Given records section start

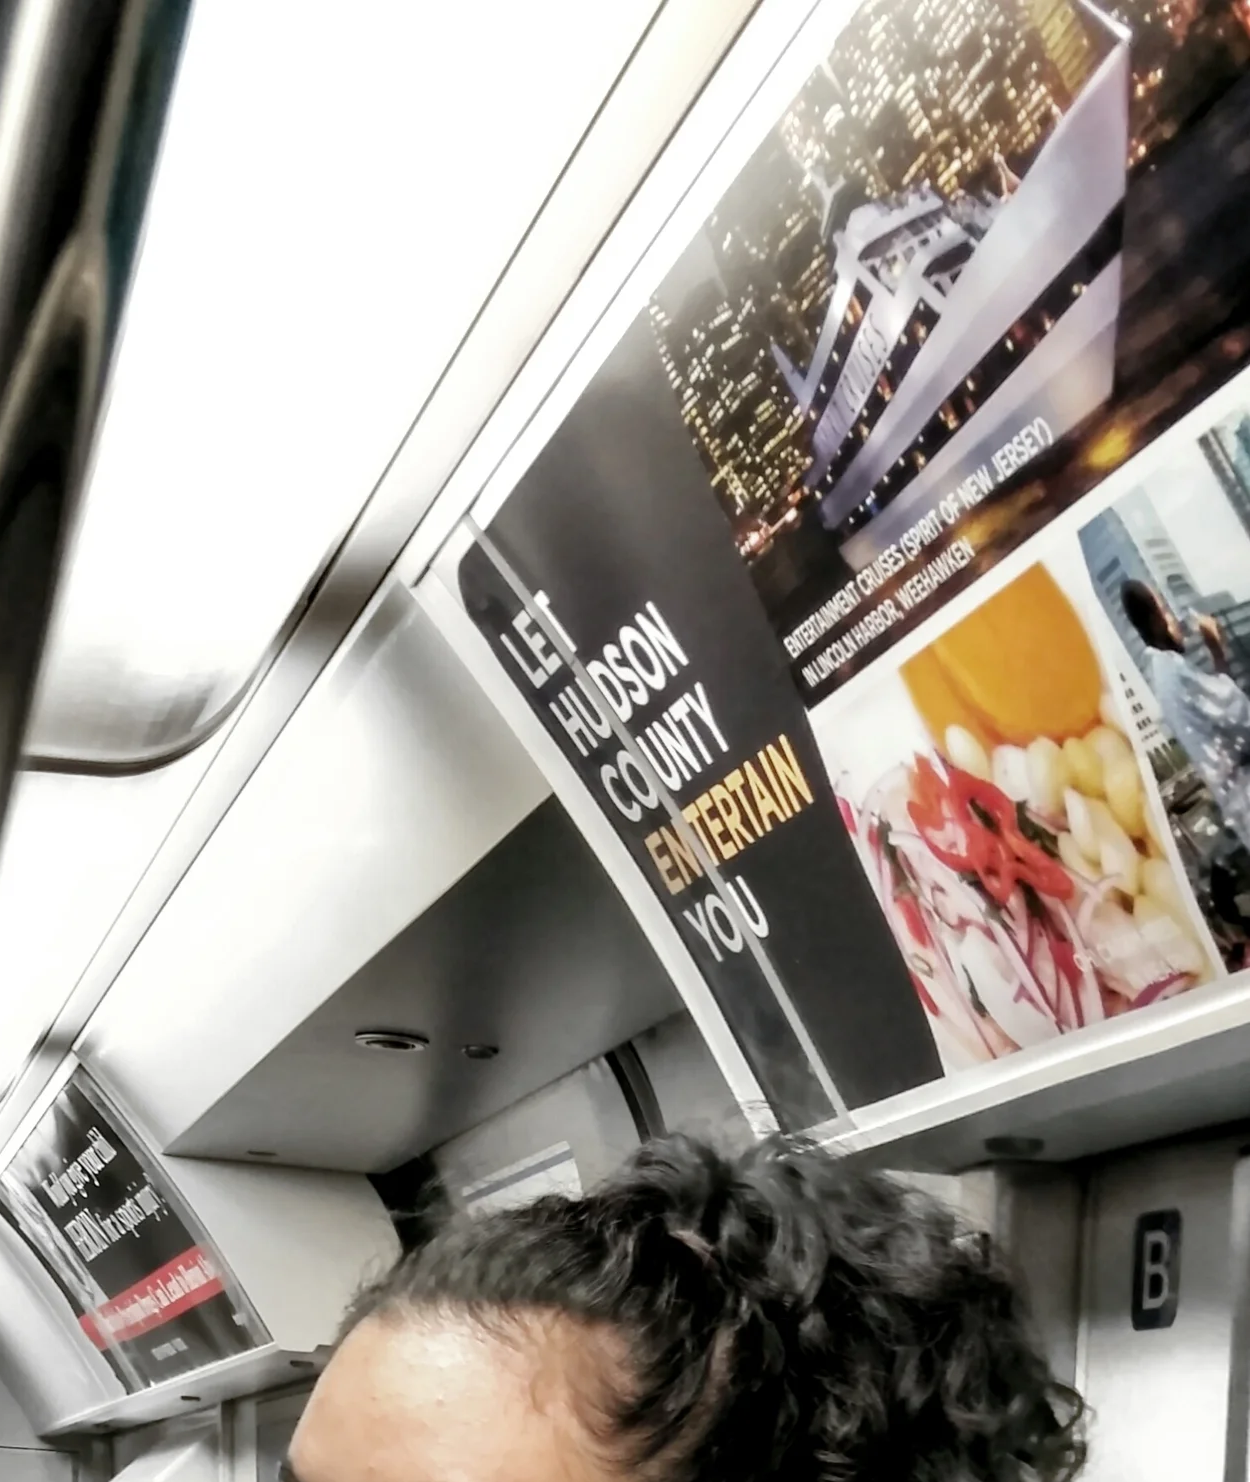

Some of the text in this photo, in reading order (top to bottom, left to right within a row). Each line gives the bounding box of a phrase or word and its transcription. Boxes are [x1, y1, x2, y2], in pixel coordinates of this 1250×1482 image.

[783, 416, 1055, 660] ENTERTAINMENT CRUISES (SPIRIT OF NEW JERSEY)
[500, 590, 577, 689] LET
[801, 536, 977, 688] IN LINCOLN HARBOR, WEEHAWKEN
[549, 601, 690, 757] HUDSON
[600, 682, 730, 823] COUNTY
[644, 733, 814, 895] ENTERTAIN
[682, 875, 770, 962] YOU
[63, 1157, 90, 1198] give
[76, 1146, 106, 1187] your
[64, 1208, 112, 1262] HEROIN
[95, 1213, 122, 1243] for
[110, 1213, 127, 1235] a
[114, 1197, 147, 1239] sports
[1142, 1229, 1171, 1311] B

Given records section end

Brief -
Leave the pictures out and copy the rest of the data exactly.

Written solution -
Some of the text in this photo, in reading order (top to bottom, left to right within a row). Each line gives the bounding box of a phrase or word and its transcription. Boxes are [x1, y1, x2, y2], in pixel coordinates of this 1250×1482 image.

[783, 416, 1055, 660] ENTERTAINMENT CRUISES (SPIRIT OF NEW JERSEY)
[500, 590, 577, 689] LET
[801, 536, 977, 688] IN LINCOLN HARBOR, WEEHAWKEN
[549, 601, 690, 757] HUDSON
[600, 682, 730, 823] COUNTY
[644, 733, 814, 895] ENTERTAIN
[682, 875, 770, 962] YOU
[63, 1157, 90, 1198] give
[76, 1146, 106, 1187] your
[64, 1208, 112, 1262] HEROIN
[95, 1213, 122, 1243] for
[110, 1213, 127, 1235] a
[114, 1197, 147, 1239] sports
[1142, 1229, 1171, 1311] B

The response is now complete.